Diversification is a strategy whereby investors spread out their risk by investing in multiple asset classes. In other words, they don’t invest all of their money JUST in domestic stocks or JUST in municipal bonds. They spread it out over a variety of investment types that have different risk profiles. That way, if their domestic stocks are doing poorly (losing money), their investments in bonds may bring in enough of a return to make up for their stock losses.



For many investors, diversification is not just a best practice, but a requirement to help grow and protect their future income as effectively as possible. Modern Portfolio Theory (MPT) states that for a given portfolio of assets, there is an optimized combination of stocks, bonds, and other assets, which provide the greatest return based on the level of risk assumed. First described by economist Harry Markowitz in the 1950’s, MPT has led to the development of what’s known as the “efficient frontier,” which is essentially the sweet spot in investment where your risk and your returns are in alignment and support the best possible return on your investments.
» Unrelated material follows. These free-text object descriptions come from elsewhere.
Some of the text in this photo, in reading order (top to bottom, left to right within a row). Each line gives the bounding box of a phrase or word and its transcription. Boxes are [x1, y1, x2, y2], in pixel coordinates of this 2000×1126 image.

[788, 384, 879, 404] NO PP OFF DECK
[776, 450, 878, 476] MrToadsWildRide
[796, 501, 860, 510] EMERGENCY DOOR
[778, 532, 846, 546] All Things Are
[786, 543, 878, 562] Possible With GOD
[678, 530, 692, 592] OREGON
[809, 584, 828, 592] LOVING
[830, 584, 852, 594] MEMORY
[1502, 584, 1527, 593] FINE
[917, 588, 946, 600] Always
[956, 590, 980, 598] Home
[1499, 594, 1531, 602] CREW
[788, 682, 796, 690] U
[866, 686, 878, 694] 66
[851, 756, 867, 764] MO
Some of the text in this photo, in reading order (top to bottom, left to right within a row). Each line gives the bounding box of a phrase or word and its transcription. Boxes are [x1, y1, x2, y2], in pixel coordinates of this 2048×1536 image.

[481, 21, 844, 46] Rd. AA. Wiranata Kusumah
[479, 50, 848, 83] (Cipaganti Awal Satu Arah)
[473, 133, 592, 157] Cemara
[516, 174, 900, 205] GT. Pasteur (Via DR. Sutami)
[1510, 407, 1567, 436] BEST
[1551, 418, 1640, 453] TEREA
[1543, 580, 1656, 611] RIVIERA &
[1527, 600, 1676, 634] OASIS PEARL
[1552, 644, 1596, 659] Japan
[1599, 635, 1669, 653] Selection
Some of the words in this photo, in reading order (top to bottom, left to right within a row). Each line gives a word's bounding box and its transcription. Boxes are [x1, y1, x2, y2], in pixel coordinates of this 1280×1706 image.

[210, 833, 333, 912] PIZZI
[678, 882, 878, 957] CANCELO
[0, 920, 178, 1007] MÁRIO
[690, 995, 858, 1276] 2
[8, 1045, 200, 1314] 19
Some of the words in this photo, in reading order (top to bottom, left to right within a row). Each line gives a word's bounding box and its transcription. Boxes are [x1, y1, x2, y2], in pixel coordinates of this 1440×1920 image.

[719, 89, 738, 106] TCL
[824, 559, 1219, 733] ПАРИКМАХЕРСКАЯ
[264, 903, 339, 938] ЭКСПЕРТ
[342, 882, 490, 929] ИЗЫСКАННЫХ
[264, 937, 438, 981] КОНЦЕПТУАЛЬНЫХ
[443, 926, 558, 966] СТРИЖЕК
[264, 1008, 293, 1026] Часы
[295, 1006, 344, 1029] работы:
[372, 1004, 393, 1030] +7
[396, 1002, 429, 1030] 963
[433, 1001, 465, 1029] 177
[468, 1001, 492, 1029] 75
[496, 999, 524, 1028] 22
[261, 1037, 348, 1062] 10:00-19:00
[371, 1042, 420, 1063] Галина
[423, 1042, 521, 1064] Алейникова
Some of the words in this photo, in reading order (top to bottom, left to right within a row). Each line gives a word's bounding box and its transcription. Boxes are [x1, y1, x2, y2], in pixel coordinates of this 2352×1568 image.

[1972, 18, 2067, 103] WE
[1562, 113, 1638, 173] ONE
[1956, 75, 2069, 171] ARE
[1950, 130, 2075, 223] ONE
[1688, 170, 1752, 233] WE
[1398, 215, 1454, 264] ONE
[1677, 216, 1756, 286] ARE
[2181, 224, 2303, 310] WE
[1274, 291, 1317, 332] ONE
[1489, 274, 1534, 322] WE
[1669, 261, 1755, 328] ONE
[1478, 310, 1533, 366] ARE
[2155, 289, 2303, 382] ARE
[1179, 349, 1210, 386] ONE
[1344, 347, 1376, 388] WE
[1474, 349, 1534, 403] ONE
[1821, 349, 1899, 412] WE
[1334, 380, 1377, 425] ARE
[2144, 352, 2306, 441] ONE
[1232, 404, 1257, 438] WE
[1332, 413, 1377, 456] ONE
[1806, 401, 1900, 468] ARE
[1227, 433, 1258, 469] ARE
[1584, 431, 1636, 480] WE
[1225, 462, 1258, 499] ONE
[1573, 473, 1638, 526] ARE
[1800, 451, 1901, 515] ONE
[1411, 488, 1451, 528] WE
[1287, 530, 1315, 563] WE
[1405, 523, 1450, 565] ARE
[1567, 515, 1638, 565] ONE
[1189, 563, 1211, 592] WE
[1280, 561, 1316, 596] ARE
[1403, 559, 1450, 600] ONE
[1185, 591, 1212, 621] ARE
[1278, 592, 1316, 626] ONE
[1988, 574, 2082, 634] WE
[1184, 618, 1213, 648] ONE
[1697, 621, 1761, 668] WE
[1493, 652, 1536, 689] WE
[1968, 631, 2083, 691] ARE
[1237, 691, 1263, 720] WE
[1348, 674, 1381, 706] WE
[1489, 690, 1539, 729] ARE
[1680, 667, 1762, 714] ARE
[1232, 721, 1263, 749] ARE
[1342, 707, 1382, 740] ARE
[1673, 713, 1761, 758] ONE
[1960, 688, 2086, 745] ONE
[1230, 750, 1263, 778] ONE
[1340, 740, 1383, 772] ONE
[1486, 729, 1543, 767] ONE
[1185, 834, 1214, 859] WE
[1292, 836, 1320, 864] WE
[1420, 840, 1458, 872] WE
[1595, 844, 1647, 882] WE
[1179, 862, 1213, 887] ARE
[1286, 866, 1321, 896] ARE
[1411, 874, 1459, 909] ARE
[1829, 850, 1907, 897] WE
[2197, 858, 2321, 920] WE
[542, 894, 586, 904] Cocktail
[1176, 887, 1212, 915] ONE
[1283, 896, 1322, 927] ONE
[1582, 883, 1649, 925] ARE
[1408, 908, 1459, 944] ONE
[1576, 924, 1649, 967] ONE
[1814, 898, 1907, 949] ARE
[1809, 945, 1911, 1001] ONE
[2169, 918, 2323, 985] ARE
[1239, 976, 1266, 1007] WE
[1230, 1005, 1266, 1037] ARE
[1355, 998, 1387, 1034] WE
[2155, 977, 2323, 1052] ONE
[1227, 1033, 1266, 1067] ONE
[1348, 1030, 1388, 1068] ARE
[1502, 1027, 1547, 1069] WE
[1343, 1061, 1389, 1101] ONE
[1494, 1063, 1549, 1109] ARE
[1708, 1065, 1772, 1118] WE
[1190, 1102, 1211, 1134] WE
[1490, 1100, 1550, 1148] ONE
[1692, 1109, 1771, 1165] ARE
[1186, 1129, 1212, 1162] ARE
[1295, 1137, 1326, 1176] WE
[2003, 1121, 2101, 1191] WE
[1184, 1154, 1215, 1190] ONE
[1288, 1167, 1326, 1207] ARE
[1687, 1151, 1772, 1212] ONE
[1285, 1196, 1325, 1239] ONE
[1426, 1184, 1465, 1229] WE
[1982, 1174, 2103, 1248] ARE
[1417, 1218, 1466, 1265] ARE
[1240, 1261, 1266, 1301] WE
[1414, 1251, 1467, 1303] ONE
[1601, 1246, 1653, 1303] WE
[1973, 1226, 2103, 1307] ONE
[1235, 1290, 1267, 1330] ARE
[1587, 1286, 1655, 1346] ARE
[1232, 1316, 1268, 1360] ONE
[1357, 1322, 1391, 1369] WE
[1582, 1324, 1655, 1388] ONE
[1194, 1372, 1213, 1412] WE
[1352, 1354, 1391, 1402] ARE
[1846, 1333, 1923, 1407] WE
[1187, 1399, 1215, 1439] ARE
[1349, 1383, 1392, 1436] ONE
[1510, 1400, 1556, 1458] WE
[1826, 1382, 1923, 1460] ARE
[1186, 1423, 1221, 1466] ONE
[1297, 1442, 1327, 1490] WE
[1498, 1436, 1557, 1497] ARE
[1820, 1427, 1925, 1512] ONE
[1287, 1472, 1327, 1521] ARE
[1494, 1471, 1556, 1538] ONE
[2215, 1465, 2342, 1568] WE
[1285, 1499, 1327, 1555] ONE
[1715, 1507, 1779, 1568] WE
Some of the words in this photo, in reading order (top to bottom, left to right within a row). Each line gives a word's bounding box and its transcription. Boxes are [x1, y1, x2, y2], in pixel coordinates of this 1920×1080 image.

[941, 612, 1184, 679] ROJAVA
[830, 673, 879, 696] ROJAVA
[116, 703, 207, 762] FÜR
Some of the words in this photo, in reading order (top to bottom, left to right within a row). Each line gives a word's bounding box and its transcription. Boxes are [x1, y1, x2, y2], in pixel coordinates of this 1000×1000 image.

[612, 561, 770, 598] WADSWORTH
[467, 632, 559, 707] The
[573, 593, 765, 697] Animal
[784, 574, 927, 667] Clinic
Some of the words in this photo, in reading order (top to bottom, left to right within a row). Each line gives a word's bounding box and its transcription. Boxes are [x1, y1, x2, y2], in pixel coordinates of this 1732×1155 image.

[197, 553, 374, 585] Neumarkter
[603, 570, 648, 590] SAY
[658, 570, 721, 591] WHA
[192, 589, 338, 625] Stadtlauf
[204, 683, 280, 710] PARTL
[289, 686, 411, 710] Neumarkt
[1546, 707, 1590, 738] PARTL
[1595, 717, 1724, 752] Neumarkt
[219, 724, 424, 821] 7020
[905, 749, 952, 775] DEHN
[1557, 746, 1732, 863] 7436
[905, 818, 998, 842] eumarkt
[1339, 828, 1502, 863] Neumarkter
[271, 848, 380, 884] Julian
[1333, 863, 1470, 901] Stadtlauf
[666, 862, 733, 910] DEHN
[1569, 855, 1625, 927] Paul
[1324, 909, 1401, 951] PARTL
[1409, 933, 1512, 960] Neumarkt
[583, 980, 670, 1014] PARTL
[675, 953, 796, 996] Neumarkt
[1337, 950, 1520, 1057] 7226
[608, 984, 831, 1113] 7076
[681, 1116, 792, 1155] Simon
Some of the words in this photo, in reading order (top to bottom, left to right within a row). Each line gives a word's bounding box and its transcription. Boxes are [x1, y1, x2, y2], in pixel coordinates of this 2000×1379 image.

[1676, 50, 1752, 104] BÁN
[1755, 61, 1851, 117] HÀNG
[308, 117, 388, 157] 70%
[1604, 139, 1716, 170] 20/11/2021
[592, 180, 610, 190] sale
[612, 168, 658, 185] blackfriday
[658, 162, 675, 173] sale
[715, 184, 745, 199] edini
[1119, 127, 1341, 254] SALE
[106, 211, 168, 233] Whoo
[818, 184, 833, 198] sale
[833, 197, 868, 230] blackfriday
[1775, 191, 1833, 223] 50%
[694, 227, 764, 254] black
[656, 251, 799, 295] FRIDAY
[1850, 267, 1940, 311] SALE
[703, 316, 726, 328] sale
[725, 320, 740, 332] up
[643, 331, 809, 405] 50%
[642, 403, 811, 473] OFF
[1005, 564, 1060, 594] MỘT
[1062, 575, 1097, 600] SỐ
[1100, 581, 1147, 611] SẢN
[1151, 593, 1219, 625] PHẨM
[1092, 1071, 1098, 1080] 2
Let’s put diversification into a context most Vermonters can relate to—the garden! There is a very popular and effective strategy for maximizing the crop yields, called companion planting, which involves planting herbs, vegetables, etc. alongside mutually beneficial plants. For example, a plant that requires full sun may be planted alongside one that requires full shade or a plant that requires an excessive amount of water may be placed near one that requires very little. The point is that the plants have different and compatible needs, thus mitigating the risk to both plants that their resources will be used up and improving the performance of both.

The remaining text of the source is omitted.